Der Arbeitsplatz schlägt die Vermittlungsquote jeder Partneragentur: Jeder fünfte deutsche Arbeitnehmer hat sich schon mal in einen Kollegen verliebt. Und für jeden Siebten endete der Flirt in einer festen Beziehung. Das geht aus einer repräsentativen Umfrage von Forsa hervor.
Die Kollegenpärchen nannten vor allem einen Vorteil der Liebe am Arbeitsplatz: Man kennt sich schon und "kauft nicht die Katze im Sack". Ein knappes Fünftel hat für den Kollegen oder die Kollegin sogar eine bestehende Beziehung beendet.
Jeder Dritte, der schon mal bei der Arbeit einen Partner gefunden hat, sagte, er lerne außerhalb des Büros nur selten Leute kennen.
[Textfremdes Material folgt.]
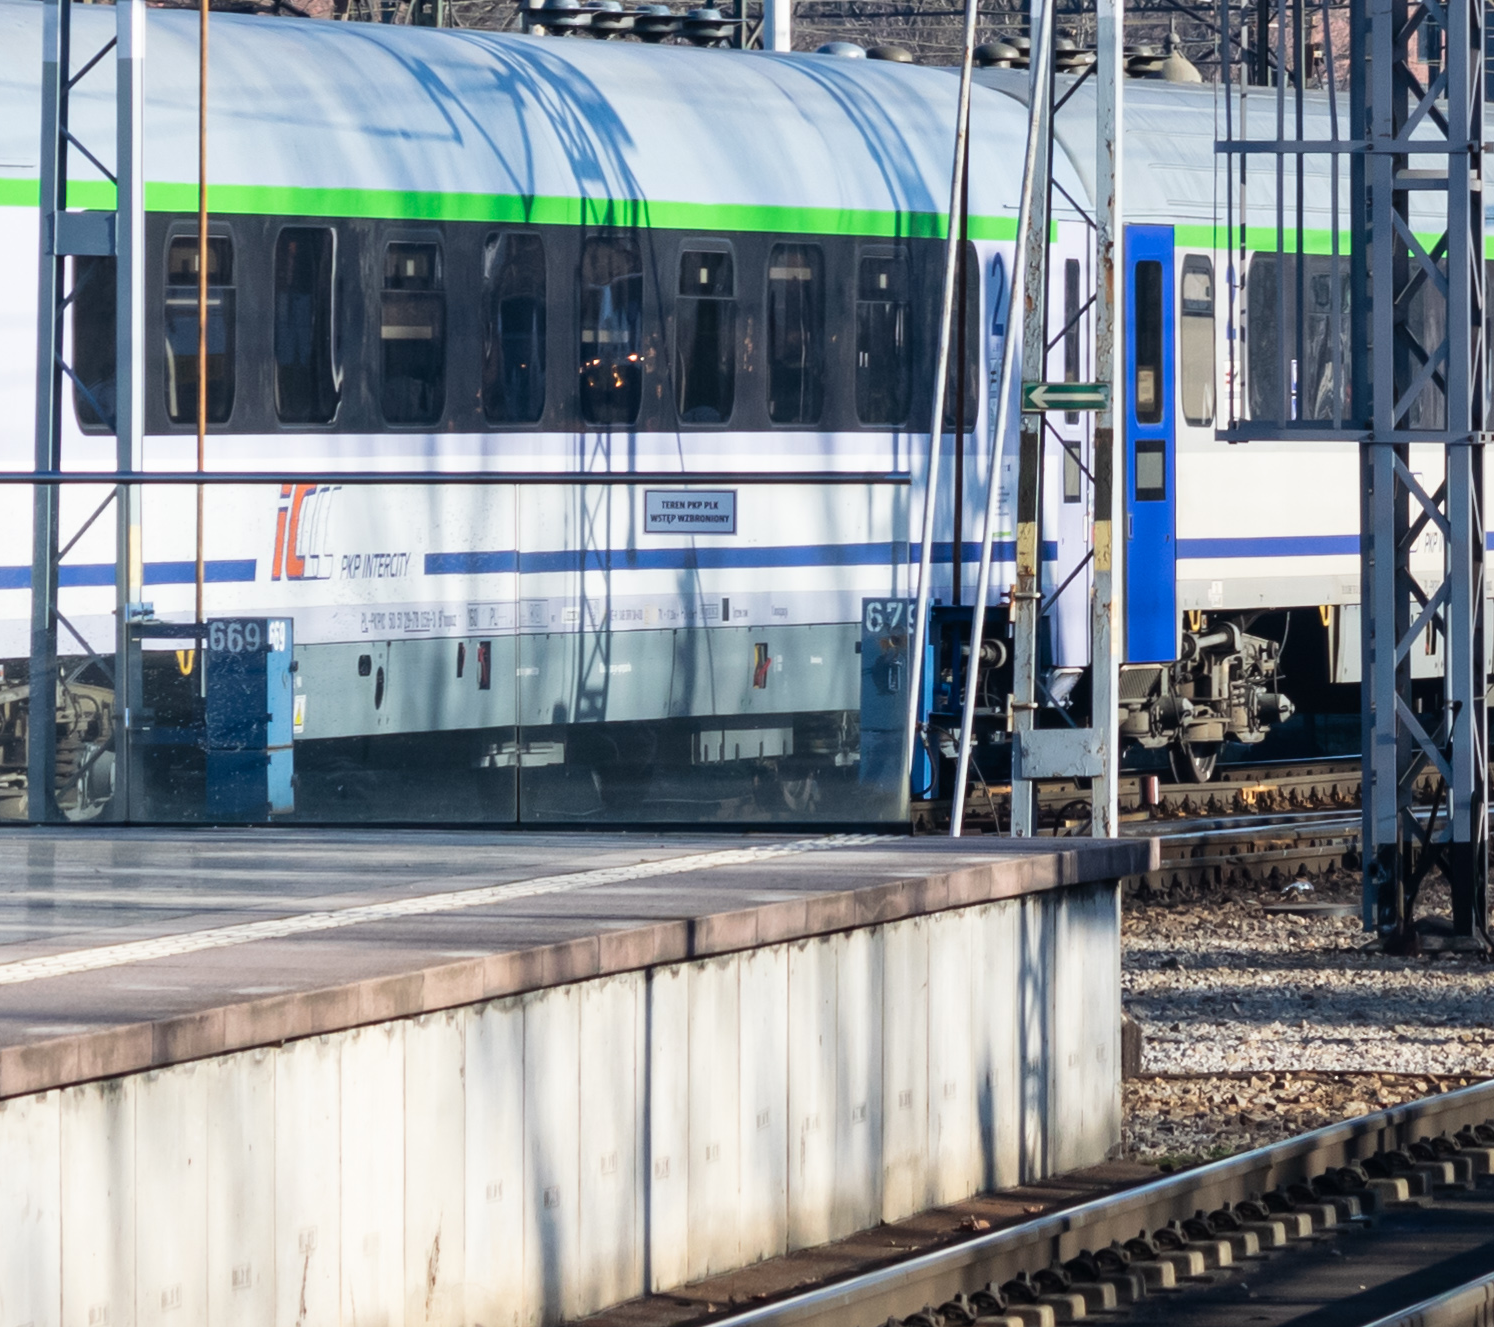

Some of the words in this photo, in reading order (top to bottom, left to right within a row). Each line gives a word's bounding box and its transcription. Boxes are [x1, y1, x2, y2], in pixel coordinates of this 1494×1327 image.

[991, 251, 1004, 337] 2
[649, 513, 677, 524] WSTĘP
[677, 513, 730, 523] WZBRONIONY
[661, 500, 686, 509] TEREN
[687, 500, 702, 509] PKP
[703, 500, 719, 510] PLK
[340, 554, 361, 580] PKP
[362, 552, 412, 579] INTERCITY
[209, 621, 261, 652] 669
Kaum verwunderlich: Schließlich werden Teammitglieder in manchen Firmen schon "eingetragene Lebenspartner" genannt - zumindest für die Dauer eines Projektes sehen sie sich häufiger als ihre Liebsten zu Hause.
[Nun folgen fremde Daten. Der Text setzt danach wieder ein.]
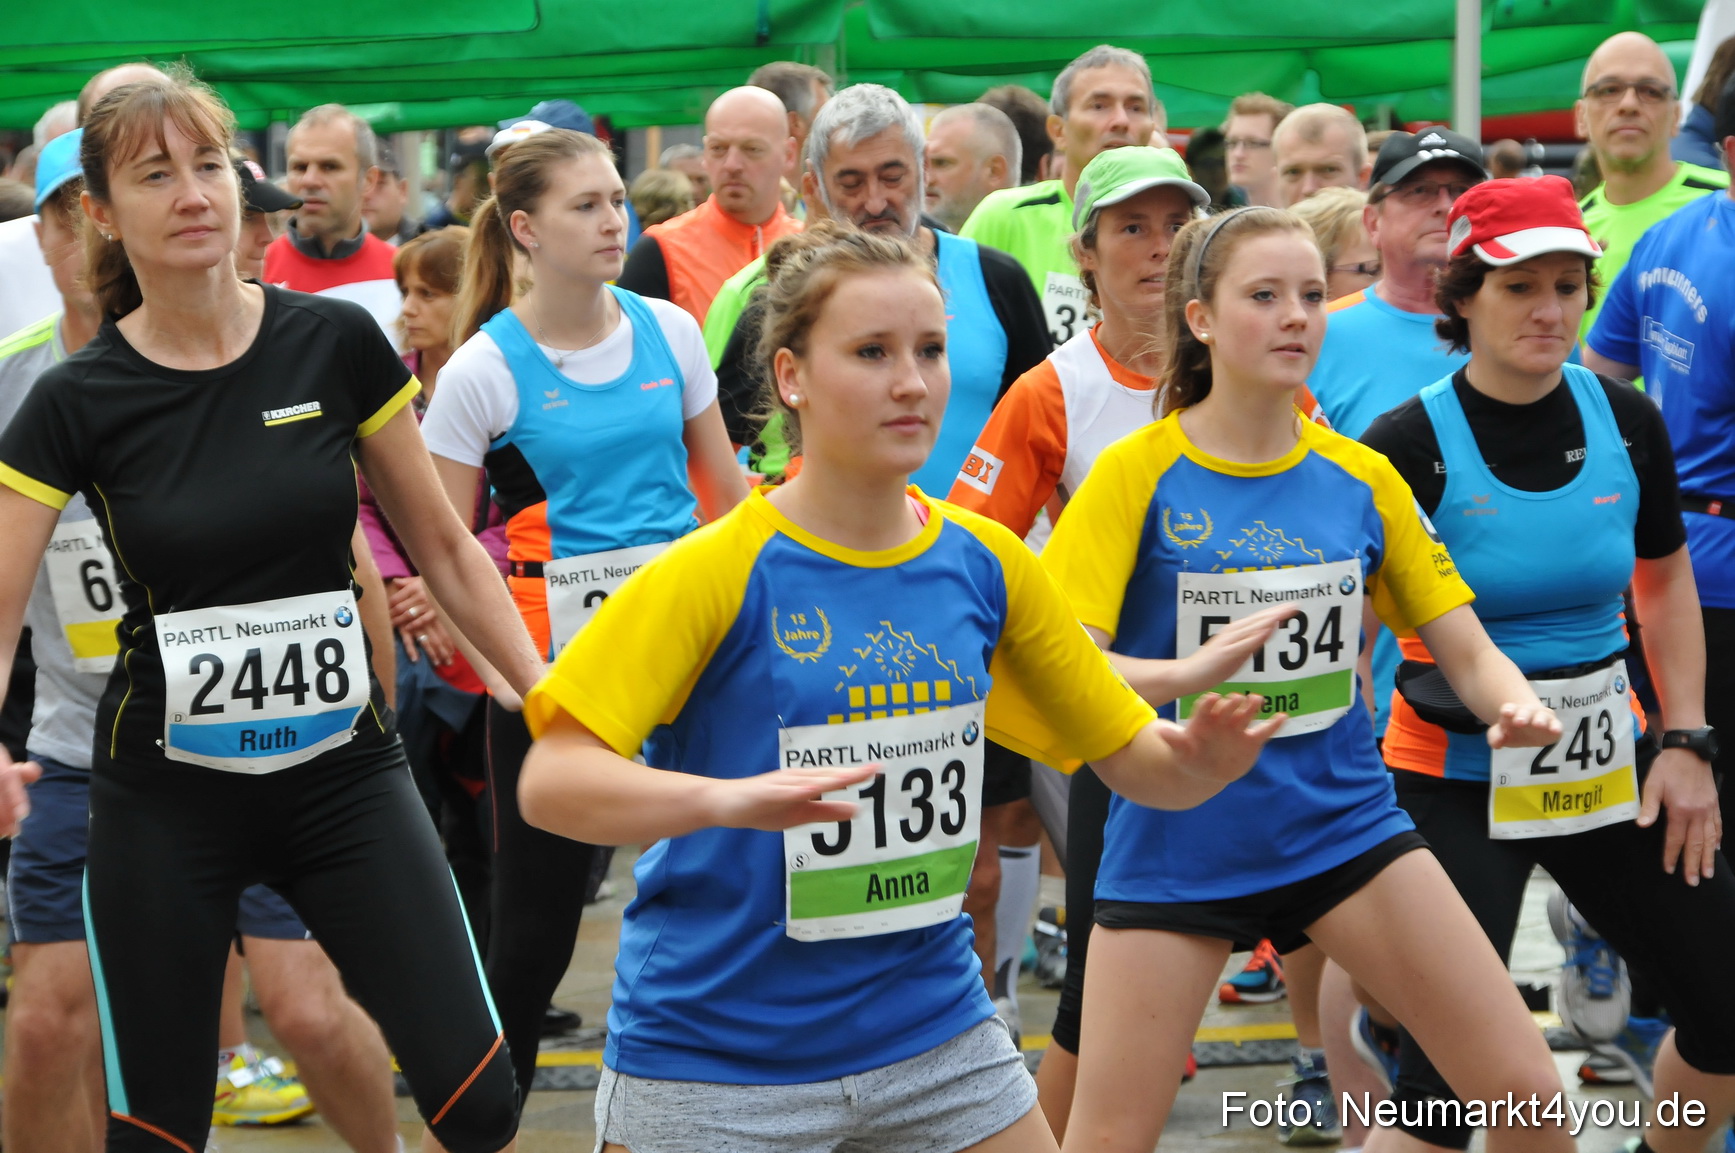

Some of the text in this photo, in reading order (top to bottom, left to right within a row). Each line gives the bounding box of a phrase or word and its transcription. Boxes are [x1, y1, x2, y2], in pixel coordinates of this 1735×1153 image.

[549, 568, 600, 588] PARTL
[1182, 582, 1333, 605] PARTL Neumarkt
[163, 613, 327, 648] PARTL Neumarkt
[790, 612, 807, 625] 15
[784, 628, 820, 642] Jahre
[189, 637, 350, 716] 2448
[1246, 690, 1299, 713] ena
[1562, 685, 1613, 709] Neumarkt
[239, 725, 297, 752] Ruth
[786, 730, 956, 768] PARTL Neumarkt
[1541, 784, 1604, 813] Margit
[865, 870, 930, 903] Anna
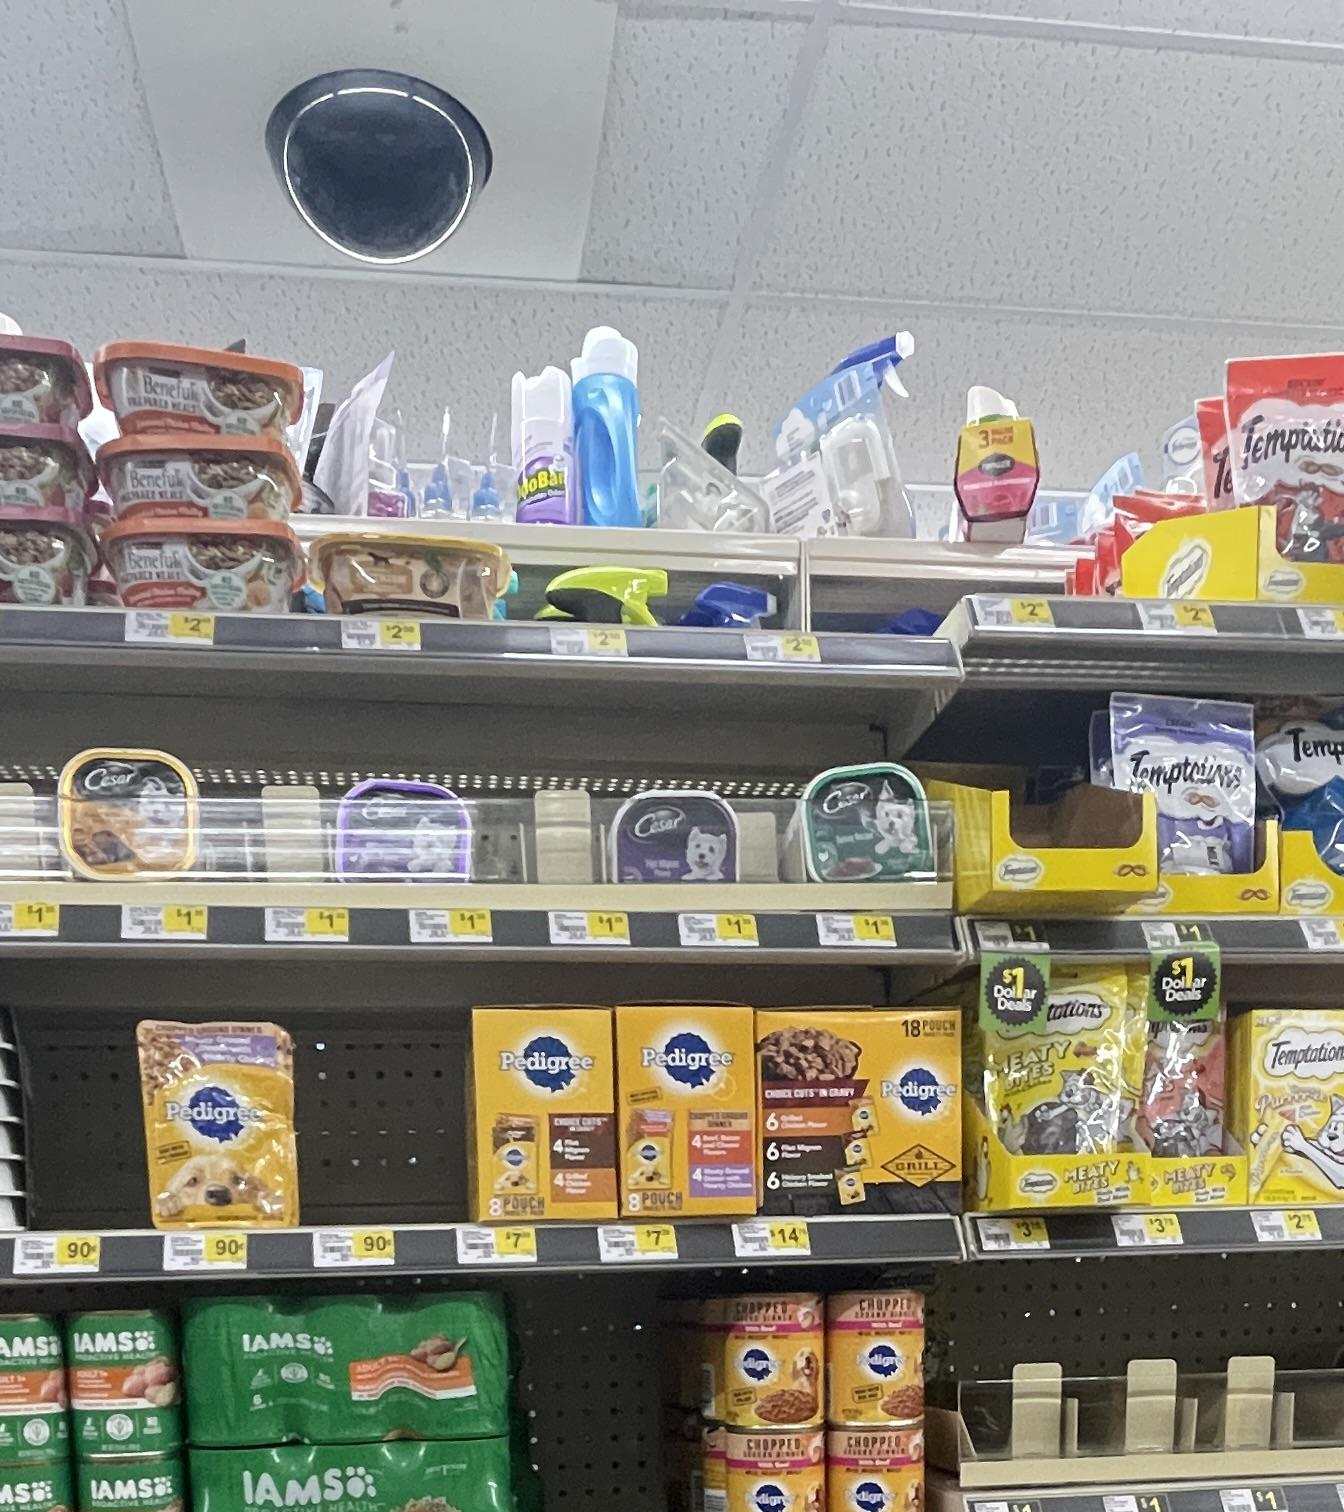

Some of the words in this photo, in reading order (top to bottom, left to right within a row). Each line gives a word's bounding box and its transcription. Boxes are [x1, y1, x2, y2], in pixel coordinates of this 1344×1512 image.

[979, 429, 990, 448] 3
[85, 768, 134, 790] Cesar
[1172, 957, 1193, 988] $1
[1002, 966, 1025, 999] $1
[1166, 988, 1201, 1001] Deals
[998, 997, 1031, 1011] Deals
[901, 1020, 921, 1037] 18
[499, 1052, 593, 1073] Pedigree
[642, 1049, 733, 1070] Pedigree
[881, 1081, 956, 1099] Pedigree
[166, 1102, 261, 1123] Pedigree
[767, 1113, 778, 1130] 6
[553, 1139, 563, 1153] 4
[767, 1142, 780, 1160] 6
[896, 1163, 941, 1171] GRILL
[1064, 1162, 1118, 1182] MEATY
[767, 1172, 780, 1189] 6
[490, 1198, 501, 1215] 8
[628, 1194, 640, 1211] 8
[642, 1193, 682, 1205] POUCH
[74, 1332, 134, 1353] IAMS
[242, 1333, 312, 1350] IAMS
[91, 1479, 152, 1500] IAMS
[242, 1467, 346, 1508] IAMS
[328, 1501, 378, 1512] HEALTH
Mit dem Chef will kaum jemand flirten
Insgesamt bewerten Männer eine Affäre am Arbeitsplatz positiver als Frauen: Von denen, die sich bisher noch nicht im Büro verliebt haben, sagten 44 Prozent, sie könnten sich eine Beziehung mit einer Kollegin oder einem Kollegen vorstellen. Von den weiblichen Befragten gaben dies nur 37 Prozent an. Für Männer und Frauen gilt: Je jünger, desto eher kommt ein Flirt am Arbeitsplatz in Frage.
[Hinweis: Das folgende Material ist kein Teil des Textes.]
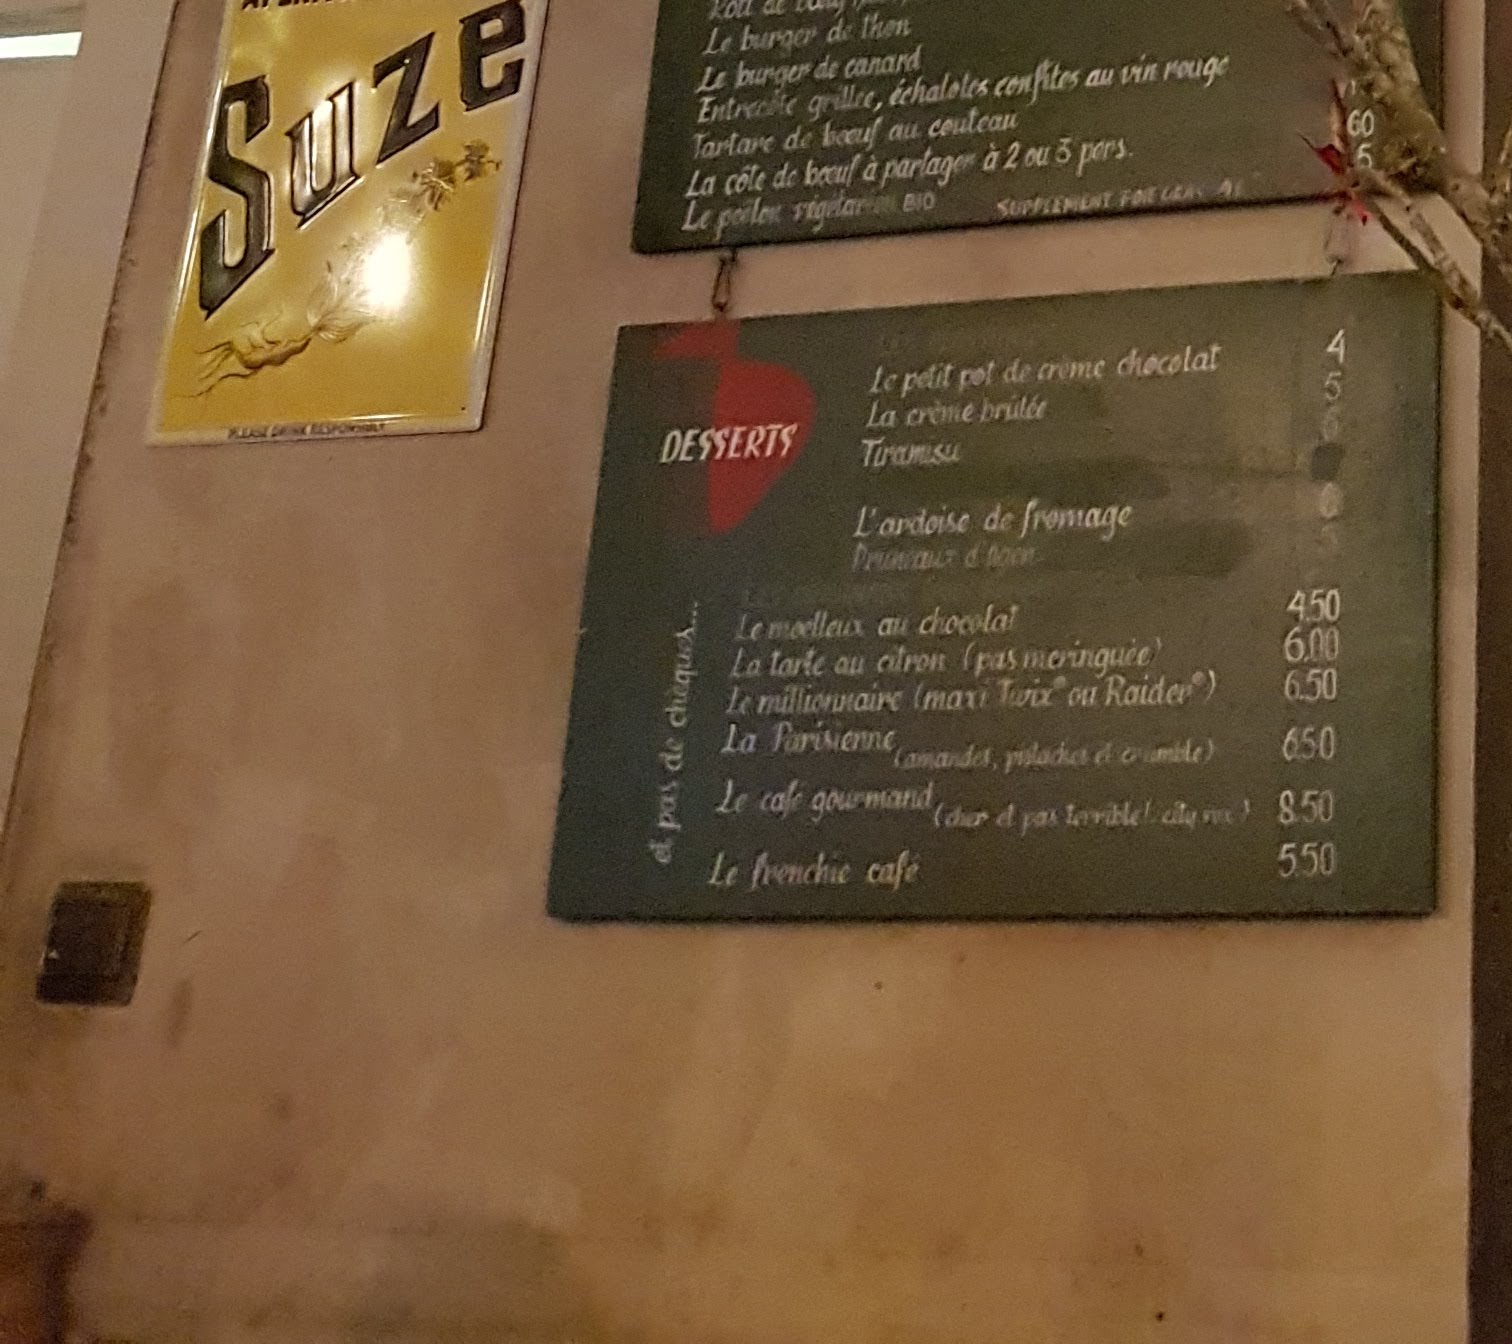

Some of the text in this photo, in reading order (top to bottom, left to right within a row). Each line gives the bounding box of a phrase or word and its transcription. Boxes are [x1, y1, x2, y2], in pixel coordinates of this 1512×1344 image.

[702, 26, 732, 56] Le
[740, 24, 818, 57] burger
[696, 45, 924, 94] Le burger de canard
[1084, 67, 1115, 89] au
[1119, 53, 1158, 86] vin
[1162, 55, 1231, 89] rouge
[691, 132, 776, 162] Tartare
[782, 124, 811, 152] de
[888, 120, 920, 142] au
[927, 106, 1020, 140] couteau
[685, 170, 717, 199] La
[772, 161, 798, 190] de
[862, 153, 879, 183] à
[982, 144, 997, 172] à
[1003, 140, 1022, 169] 2
[1024, 148, 1051, 169] ou
[868, 364, 898, 395] Le
[899, 361, 956, 400] petit
[1003, 357, 1031, 385] de
[1116, 342, 1223, 380] chocolat
[1326, 328, 1346, 363] 4
[866, 399, 897, 429] La
[659, 422, 800, 464] DESSERTS
[983, 501, 1013, 533] de
[1020, 496, 1136, 542] fromage
[877, 614, 908, 637] au
[919, 604, 1020, 636] chocolat
[729, 647, 762, 678] La
[769, 646, 826, 678] tarte
[834, 654, 865, 676] au
[876, 644, 947, 674] citron
[725, 685, 755, 715] Le
[1067, 683, 1099, 706] ou
[719, 722, 758, 754] La
[715, 778, 749, 814] Le
[811, 780, 935, 823] gourmand
[707, 851, 739, 886] Le
Auch 47 Prozent der Führungskräfte wären für eine Beziehung mit einer Mitarbeiterin oder einem Mitarbeiter offen. Aber: Von denen, die im Job schon einmal verliebt waren, interessierte sich nur jeder Zehnte für den Chef.
Besonders gern geflirtet wird offenbar im Gesundheits- und Sozialwesen. Hier gaben 22 Prozent der Befragten an, mit einem Kollegen liiert zu sein oder schon mal eine feste Beziehung mit einem Kollegen gehabt zu haben.
Die Umfrage entstand im Auftrag des Netzwerks Xing. Befragt wurden 1001 Arbeitnehmer.